[Stored dataset items]
++++++
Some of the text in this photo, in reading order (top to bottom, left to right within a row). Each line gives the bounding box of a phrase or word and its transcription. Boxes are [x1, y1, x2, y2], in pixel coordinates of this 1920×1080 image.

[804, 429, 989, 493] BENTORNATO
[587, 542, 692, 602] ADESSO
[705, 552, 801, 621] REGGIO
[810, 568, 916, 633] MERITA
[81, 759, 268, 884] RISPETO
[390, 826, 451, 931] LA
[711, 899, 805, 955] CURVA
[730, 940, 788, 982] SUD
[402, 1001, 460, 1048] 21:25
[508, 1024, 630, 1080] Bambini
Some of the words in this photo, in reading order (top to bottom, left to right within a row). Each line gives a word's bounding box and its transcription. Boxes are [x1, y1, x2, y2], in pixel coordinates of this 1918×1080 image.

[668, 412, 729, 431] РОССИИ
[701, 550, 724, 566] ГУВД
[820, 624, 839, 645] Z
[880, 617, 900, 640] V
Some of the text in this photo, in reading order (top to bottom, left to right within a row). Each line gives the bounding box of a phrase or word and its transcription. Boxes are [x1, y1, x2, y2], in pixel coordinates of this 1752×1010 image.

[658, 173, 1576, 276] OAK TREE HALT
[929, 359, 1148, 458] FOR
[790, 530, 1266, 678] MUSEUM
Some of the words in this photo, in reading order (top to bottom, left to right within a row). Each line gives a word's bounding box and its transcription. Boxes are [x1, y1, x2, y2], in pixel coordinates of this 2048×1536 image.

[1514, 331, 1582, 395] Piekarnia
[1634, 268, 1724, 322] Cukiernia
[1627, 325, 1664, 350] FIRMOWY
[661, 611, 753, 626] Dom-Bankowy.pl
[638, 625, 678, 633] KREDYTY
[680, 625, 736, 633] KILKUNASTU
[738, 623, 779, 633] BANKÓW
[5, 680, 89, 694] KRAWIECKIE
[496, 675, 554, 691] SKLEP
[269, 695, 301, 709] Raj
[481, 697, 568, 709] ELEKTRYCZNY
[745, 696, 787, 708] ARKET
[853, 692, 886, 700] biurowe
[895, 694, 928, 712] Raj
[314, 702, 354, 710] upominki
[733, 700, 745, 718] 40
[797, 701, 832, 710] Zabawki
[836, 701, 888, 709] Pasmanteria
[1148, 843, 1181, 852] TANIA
++++++
→ Assignment: Every record must be transcribed precisely, down to the last character.

→ Exercise answer:
Some of the text in this photo, in reading order (top to bottom, left to right within a row). Each line gives the bounding box of a phrase or word and its transcription. Boxes are [x1, y1, x2, y2], in pixel coordinates of this 1920×1080 image.

[804, 429, 989, 493] BENTORNATO
[587, 542, 692, 602] ADESSO
[705, 552, 801, 621] REGGIO
[810, 568, 916, 633] MERITA
[81, 759, 268, 884] RISPETO
[390, 826, 451, 931] LA
[711, 899, 805, 955] CURVA
[730, 940, 788, 982] SUD
[402, 1001, 460, 1048] 21:25
[508, 1024, 630, 1080] Bambini
Some of the words in this photo, in reading order (top to bottom, left to right within a row). Each line gives a word's bounding box and its transcription. Boxes are [x1, y1, x2, y2], in pixel coordinates of this 1918×1080 image.

[668, 412, 729, 431] РОССИИ
[701, 550, 724, 566] ГУВД
[820, 624, 839, 645] Z
[880, 617, 900, 640] V
Some of the text in this photo, in reading order (top to bottom, left to right within a row). Each line gives the bounding box of a phrase or word and its transcription. Boxes are [x1, y1, x2, y2], in pixel coordinates of this 1752×1010 image.

[658, 173, 1576, 276] OAK TREE HALT
[929, 359, 1148, 458] FOR
[790, 530, 1266, 678] MUSEUM
Some of the words in this photo, in reading order (top to bottom, left to right within a row). Each line gives a word's bounding box and its transcription. Boxes are [x1, y1, x2, y2], in pixel coordinates of this 2048×1536 image.

[1514, 331, 1582, 395] Piekarnia
[1634, 268, 1724, 322] Cukiernia
[1627, 325, 1664, 350] FIRMOWY
[661, 611, 753, 626] Dom-Bankowy.pl
[638, 625, 678, 633] KREDYTY
[680, 625, 736, 633] KILKUNASTU
[738, 623, 779, 633] BANKÓW
[5, 680, 89, 694] KRAWIECKIE
[496, 675, 554, 691] SKLEP
[269, 695, 301, 709] Raj
[481, 697, 568, 709] ELEKTRYCZNY
[745, 696, 787, 708] ARKET
[853, 692, 886, 700] biurowe
[895, 694, 928, 712] Raj
[314, 702, 354, 710] upominki
[733, 700, 745, 718] 40
[797, 701, 832, 710] Zabawki
[836, 701, 888, 709] Pasmanteria
[1148, 843, 1181, 852] TANIA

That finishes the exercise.